All of this means there is no magic bullet when it comes to advancing technology. Change isn’t going to appeal to everyone, but it’s still inevitable. Here are four technology trends that will define 2017 and how companies can use them to improve their UX:
1. Collective intelligence
As its name implies, collective intelligence encompasses the evolving knowledge base of a group. It’s been a hot topic since the inception of the internet, which is in and of itself a CI platform. There are two sides to the CI discussion.
On the one hand, platforms relying on big data, artificial intelligence and automated objective data collection will keep getting smarter. Tools such as Amazon’s Alexa aggregate human-generated information in real time to help users navigate potentially changing environments.
On the other hand, we’ll see the continued prevalence of human-generated, open-source communities, which often serve as repositories of CI. For years, websites such as Quora, Reddit andStackExchange have allowed users to rely on one another for answers (and entertainment). More recently, my company was asked to build open-source communities to facilitate collaboration and learning among internal teams of developers and designers at large corporations. We have also seen the same principle applied to employee feedback and HR, such as with POPin.
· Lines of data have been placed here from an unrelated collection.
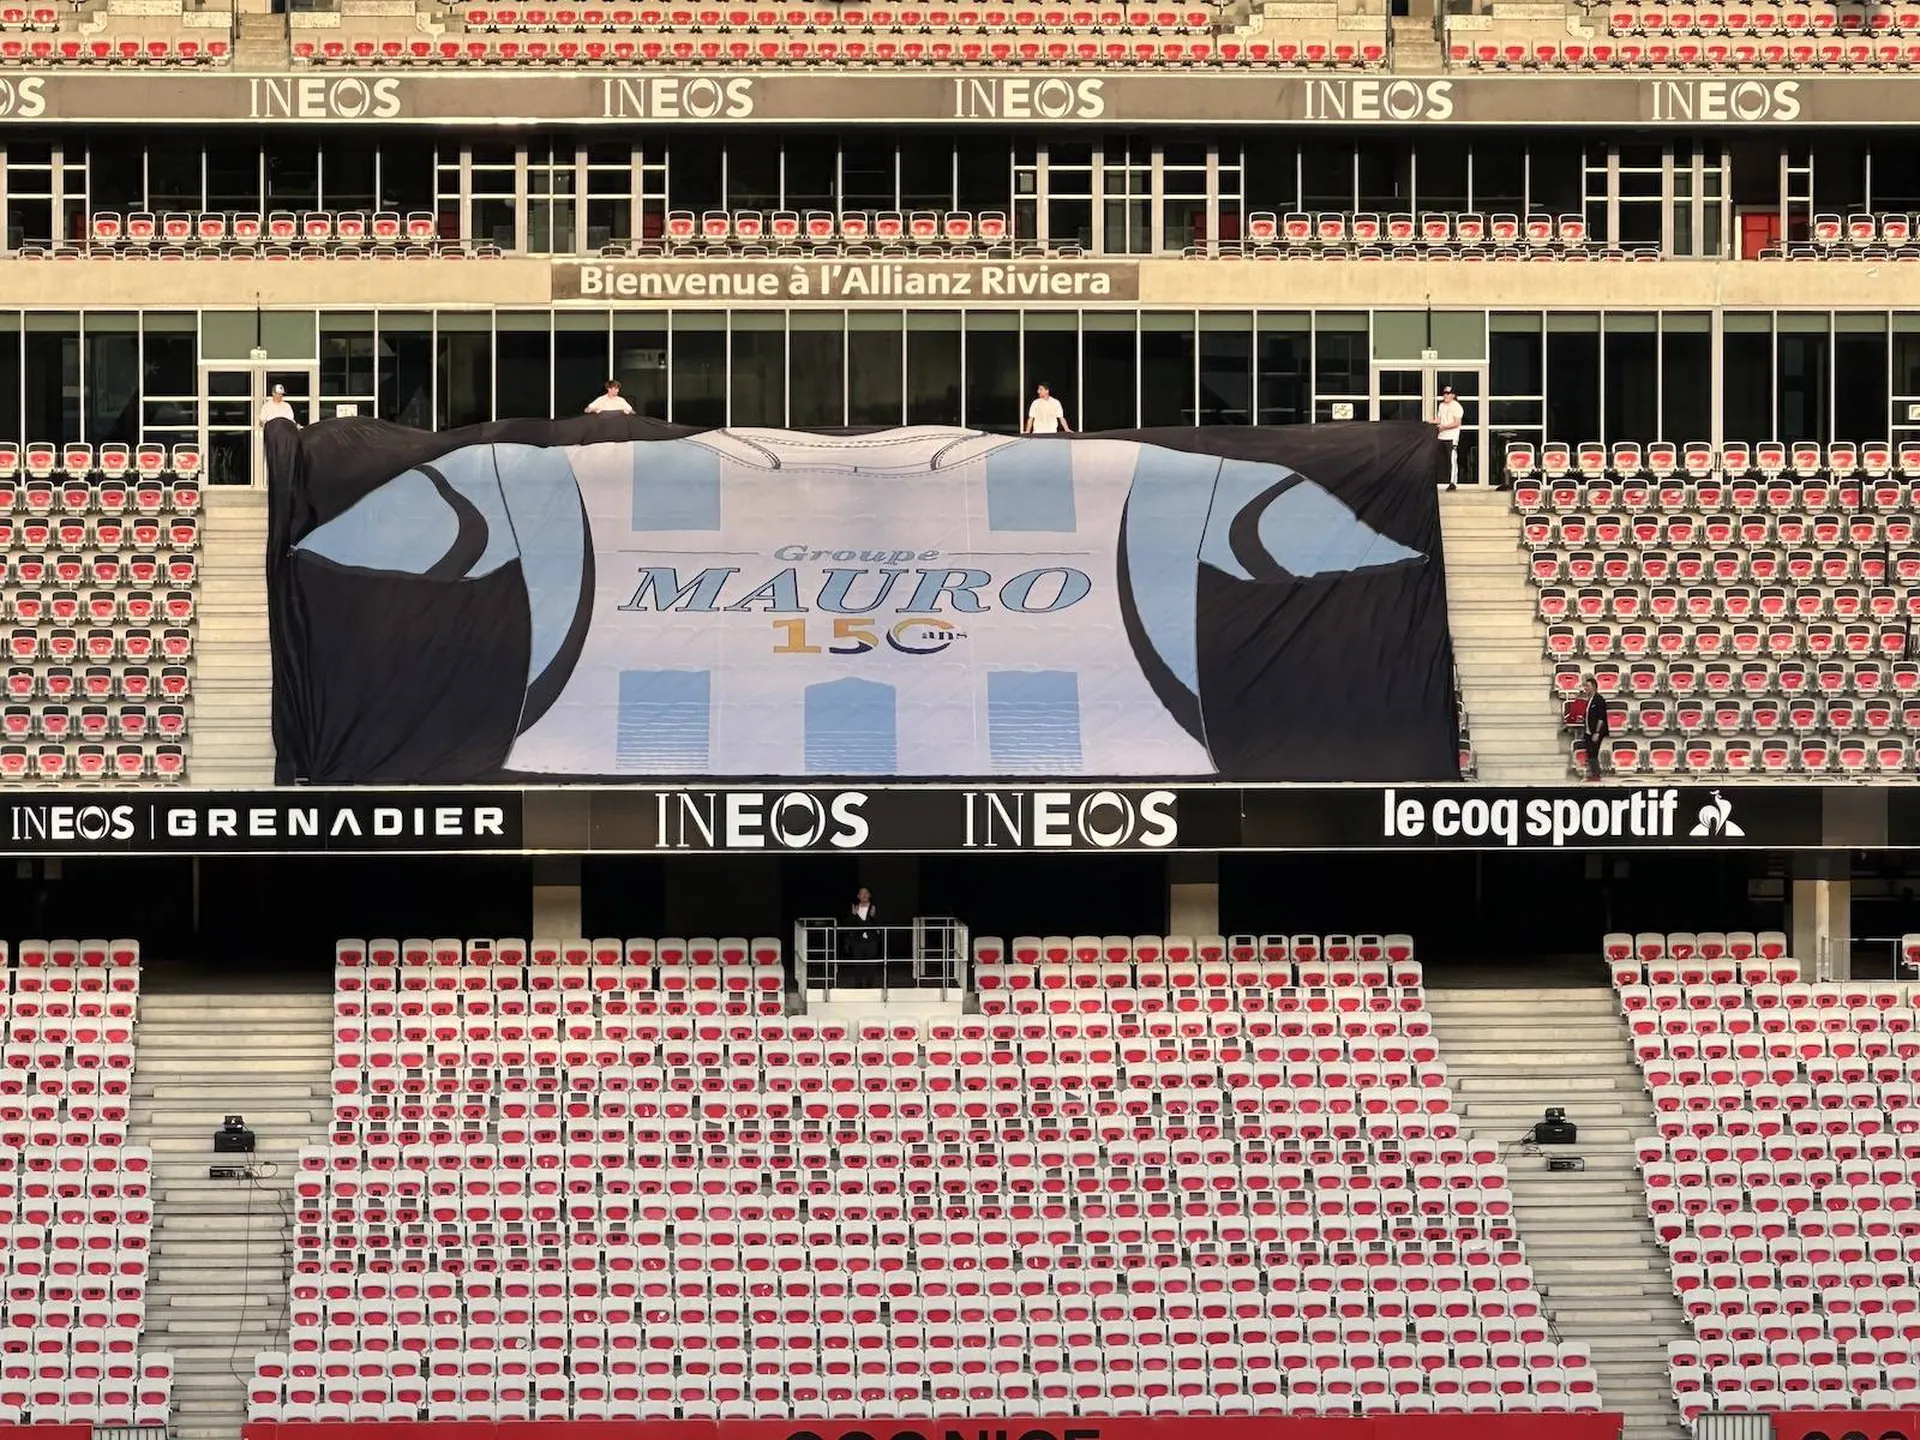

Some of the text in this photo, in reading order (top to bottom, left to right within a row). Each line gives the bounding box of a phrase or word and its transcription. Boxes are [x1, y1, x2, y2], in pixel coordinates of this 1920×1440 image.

[249, 77, 401, 118] INEOS
[602, 77, 755, 118] INEOS
[954, 77, 1105, 118] INEOS
[1304, 80, 1454, 119] INEOS
[1651, 80, 1801, 119] INEOS
[580, 265, 780, 296] Bienvenue
[788, 265, 810, 296] à
[981, 264, 1111, 296] Riviera
[774, 545, 940, 566] Groupe
[617, 567, 1092, 614] MAURO
[921, 627, 968, 641] ans
[11, 805, 504, 840] INEOS GRENADIER
[655, 791, 869, 848] INEOS
[962, 790, 1178, 847] INEOS
[1384, 788, 1678, 847] le coq sportif
So, if you’re pondering how best to take advantage of CI, rethink your company’s decision-making processes and its approach to the curation of company knowledge bases. Companies structured the way most companies still are — with a single key decision-maker at the top — will inevitably make some suboptimal choices.
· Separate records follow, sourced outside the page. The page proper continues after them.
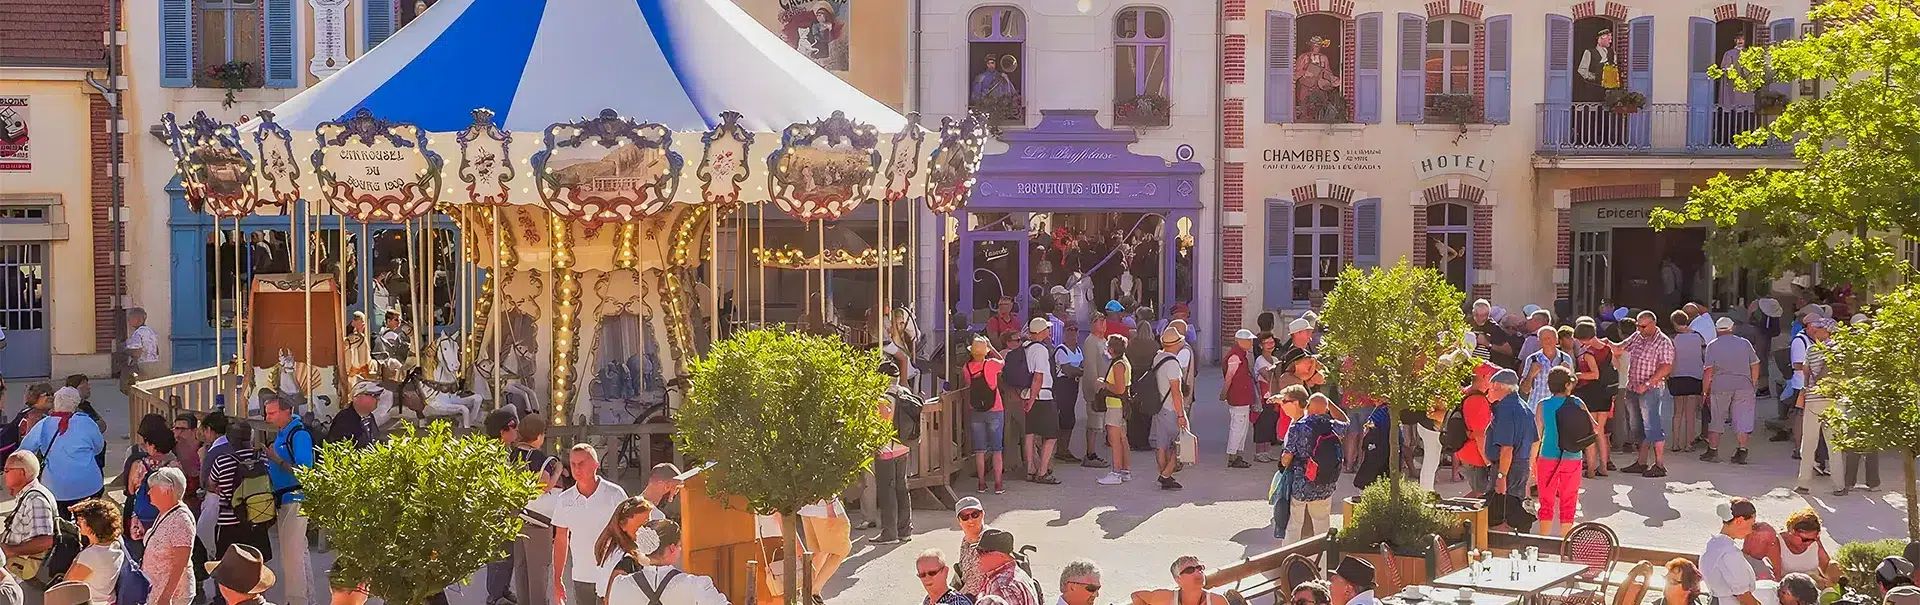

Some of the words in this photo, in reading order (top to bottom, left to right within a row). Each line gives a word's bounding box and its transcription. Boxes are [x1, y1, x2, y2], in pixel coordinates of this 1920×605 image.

[1263, 149, 1341, 162] CHAMBRES
[1421, 154, 1487, 173] HOTEL
[365, 166, 380, 175] DU
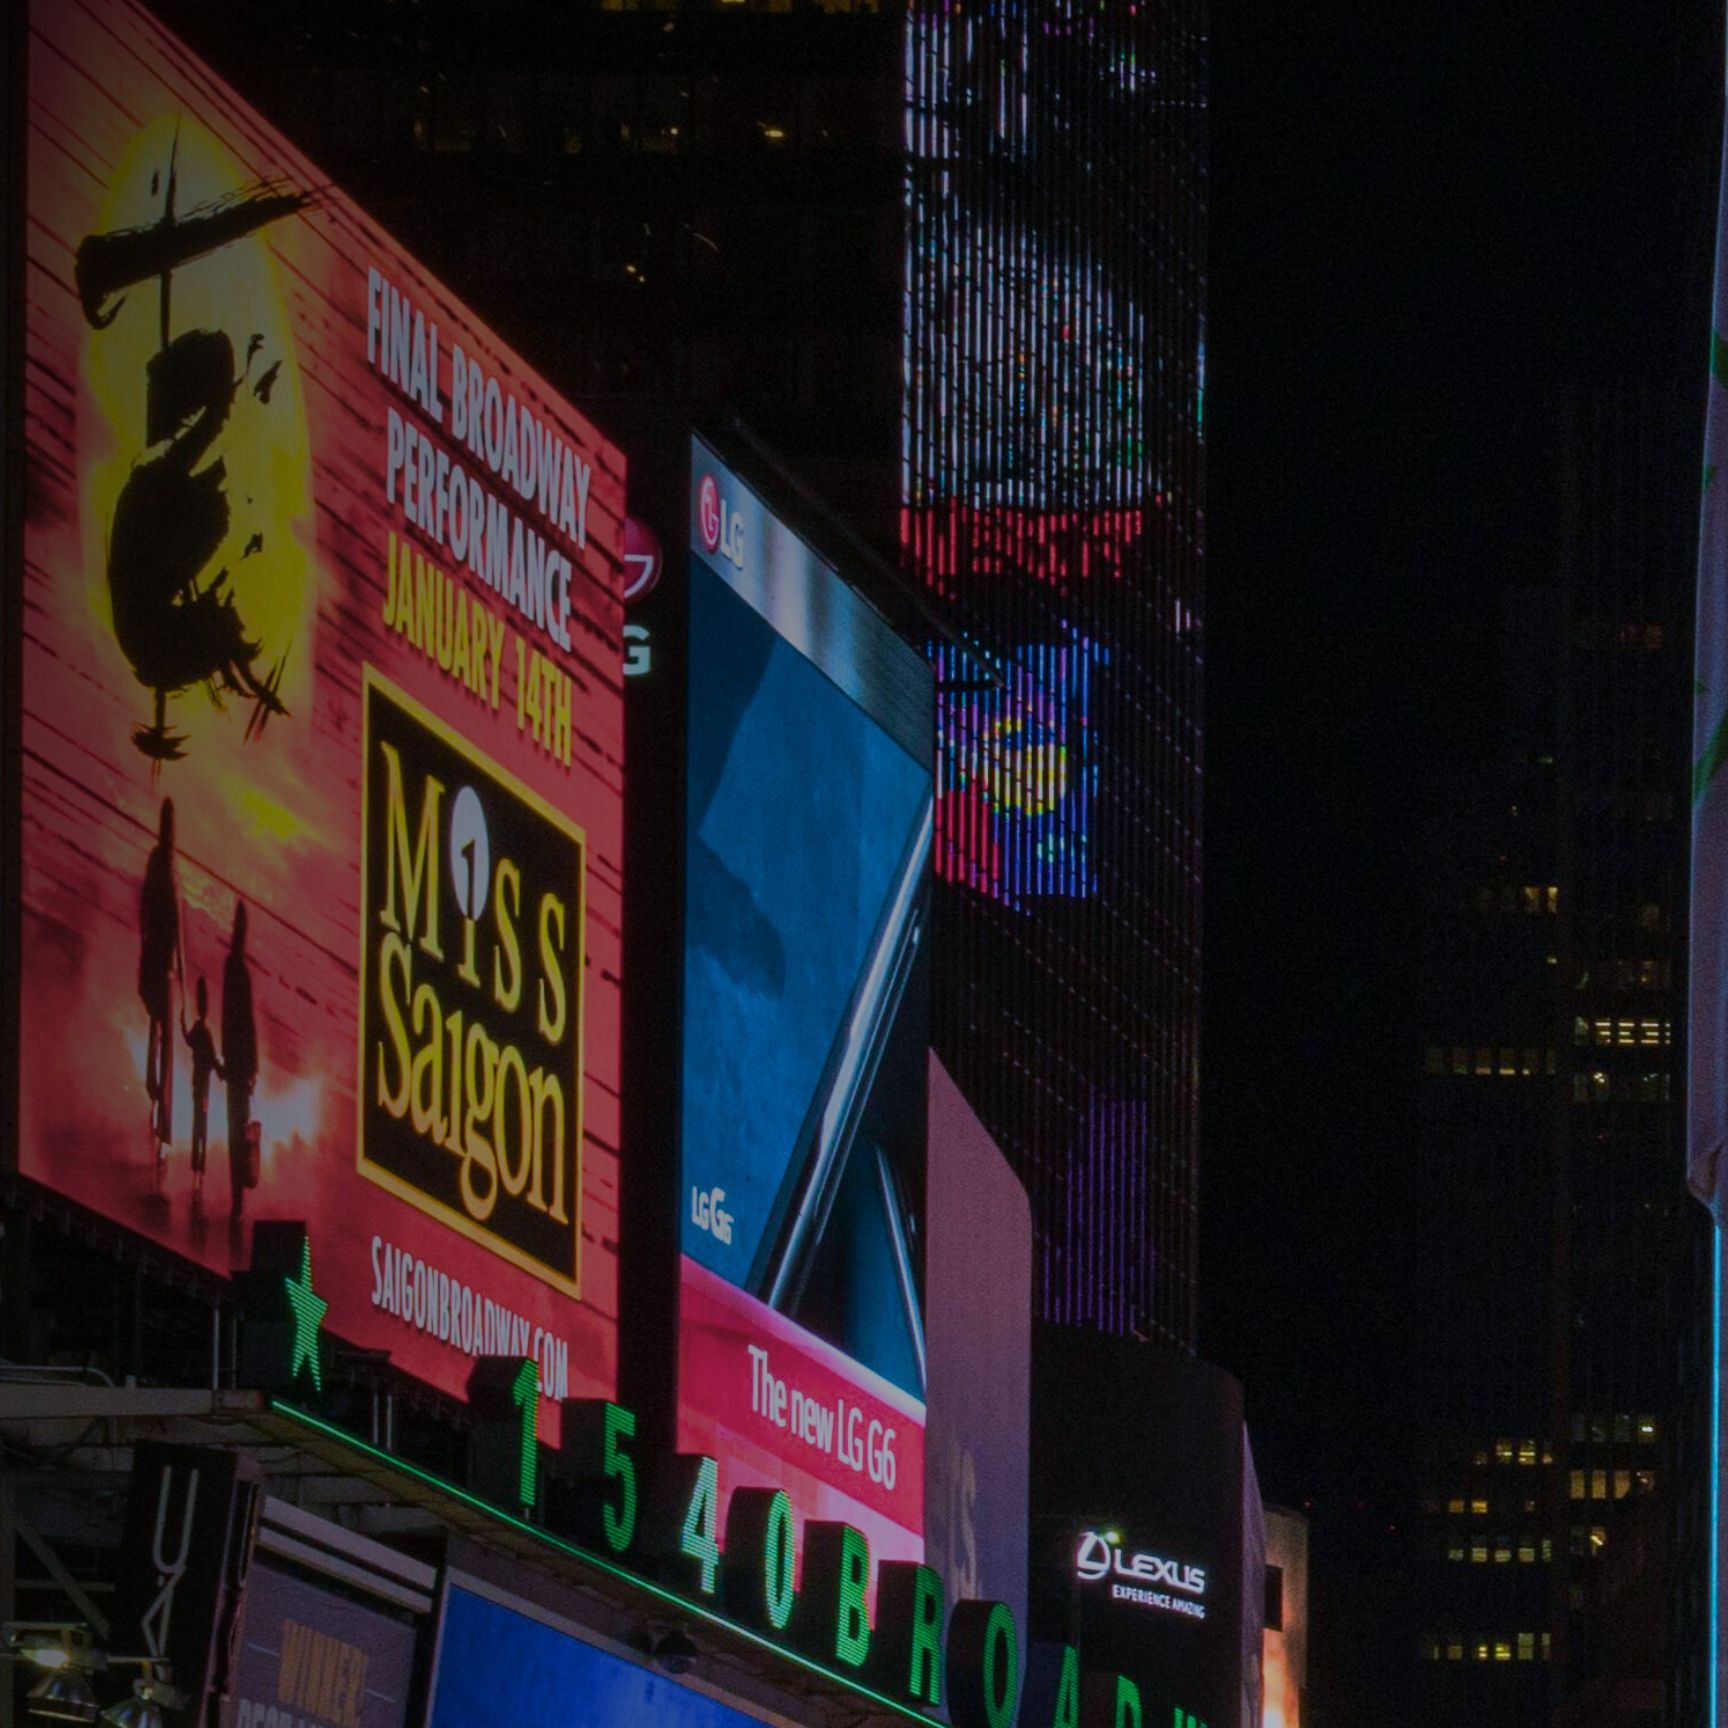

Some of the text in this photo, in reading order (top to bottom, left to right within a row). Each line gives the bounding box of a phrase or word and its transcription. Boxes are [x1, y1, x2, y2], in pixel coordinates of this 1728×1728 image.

[366, 264, 591, 554] FINAL BROADWAY
[386, 405, 573, 654] PERFORMANCE
[719, 496, 746, 571] LG
[381, 547, 573, 769] JANUARY 14TH
[378, 933, 570, 1226] Saigon
[513, 1355, 795, 1632] 1540
[748, 1343, 897, 1492] The new LG G6
[1113, 1552, 1206, 1595] LEXUS
That’s because one single person can’t have all the knowledge necessary to make the best decision in every circumstance. But by flattening your organizational structure and giving more people the authority to make key decisions that fall under their individual areas of expertise, your entire company will benefit.
2. Everyday AI (Chatbots)
We’re in the midst of a chatbot craze, but the importance of including rapidly evolving technology is more than just hype. A chatbot that offers a great UX is a thing of beauty — and it can work wonders for your organization.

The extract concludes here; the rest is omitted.